Records for processing Block Start
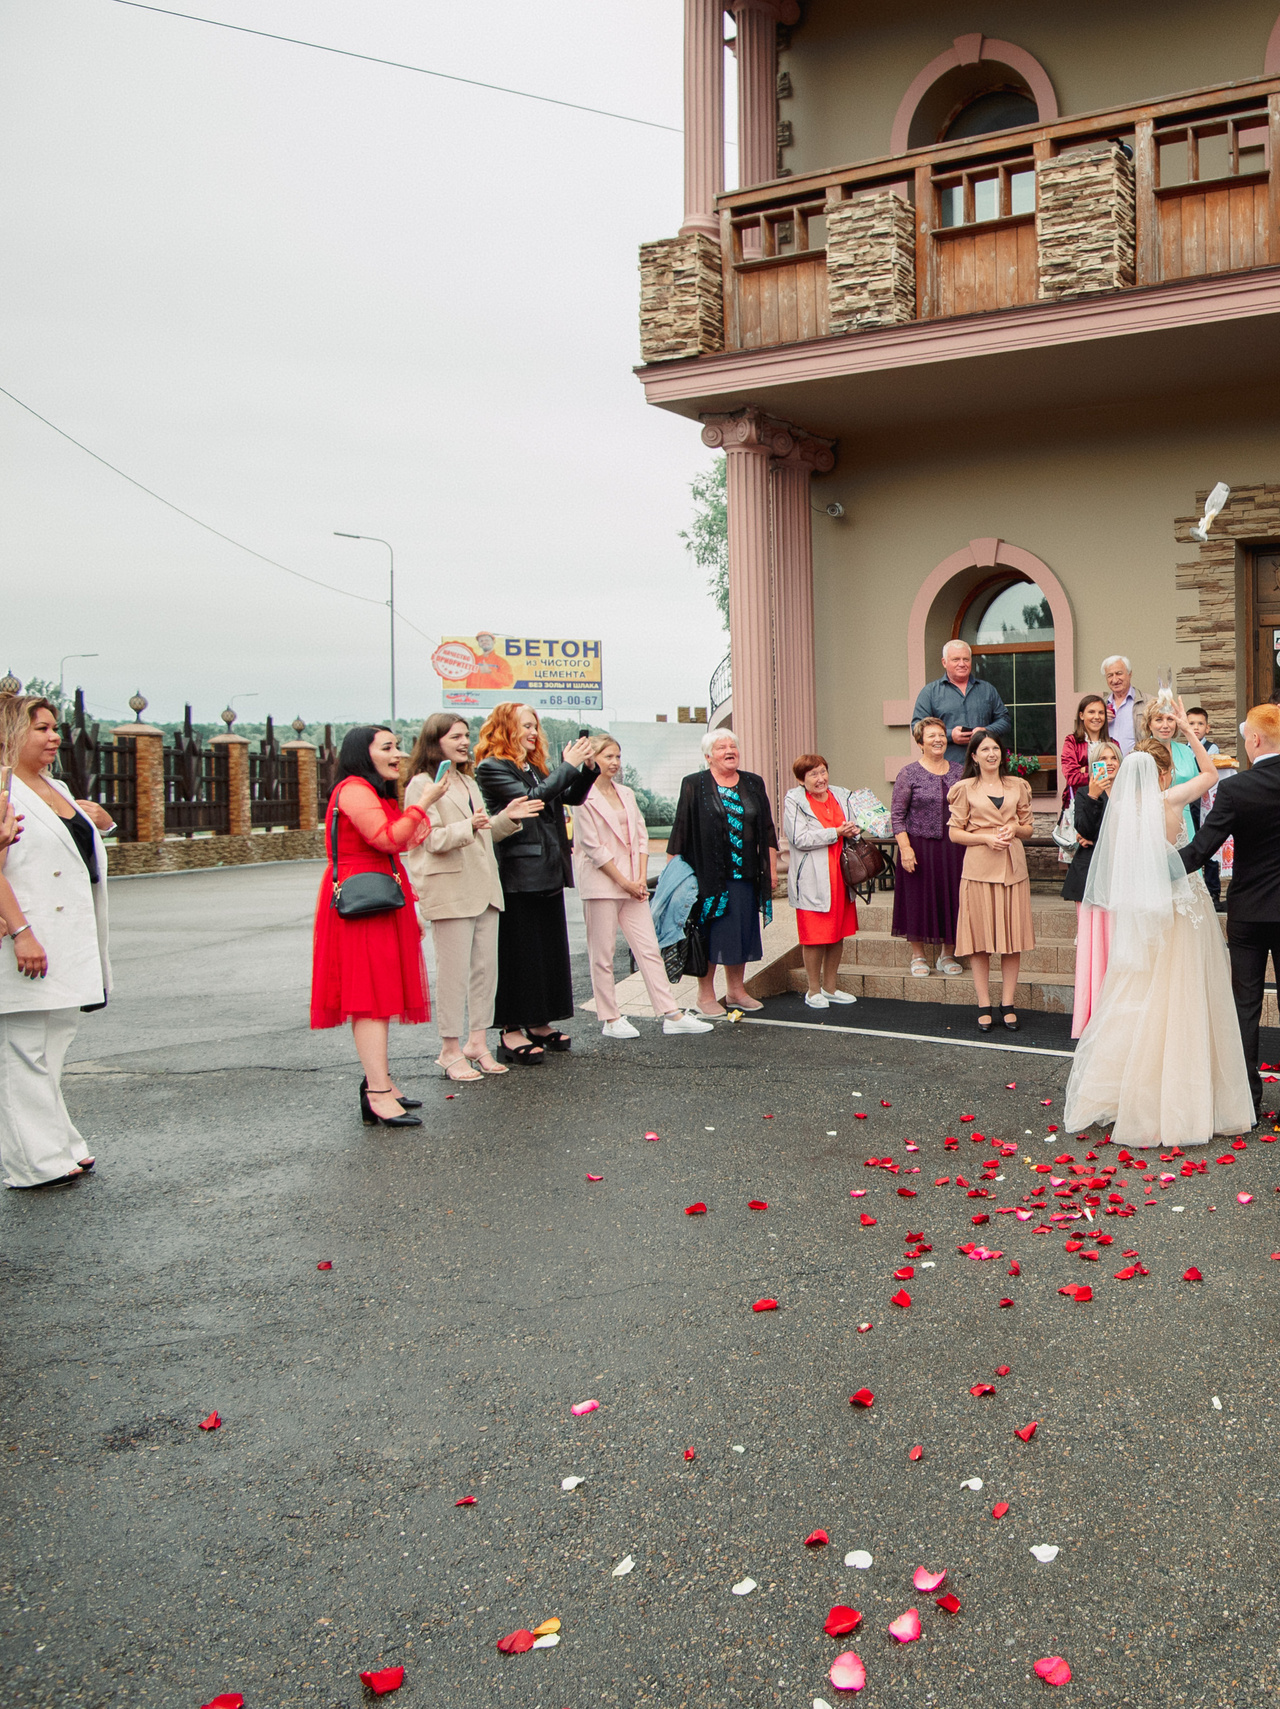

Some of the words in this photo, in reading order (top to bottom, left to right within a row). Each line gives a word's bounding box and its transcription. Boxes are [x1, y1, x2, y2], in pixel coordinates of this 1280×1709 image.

[505, 639, 599, 658] БЕТОН
[442, 649, 471, 662] КАЧЕСТВО
[540, 659, 590, 667] ЧИСТОГО
[534, 670, 586, 678] ЦЕМЕНТА
[550, 695, 598, 706] 68-00-67
Records for processing Block End
What to work on
The listing above is to be retyped exactly, with all pictures left out.

Output
Some of the words in this photo, in reading order (top to bottom, left to right within a row). Each line gives a word's bounding box and its transcription. Boxes are [x1, y1, x2, y2], in pixel coordinates of this 1280×1709 image.

[505, 639, 599, 658] БЕТОН
[442, 649, 471, 662] КАЧЕСТВО
[540, 659, 590, 667] ЧИСТОГО
[534, 670, 586, 678] ЦЕМЕНТА
[550, 695, 598, 706] 68-00-67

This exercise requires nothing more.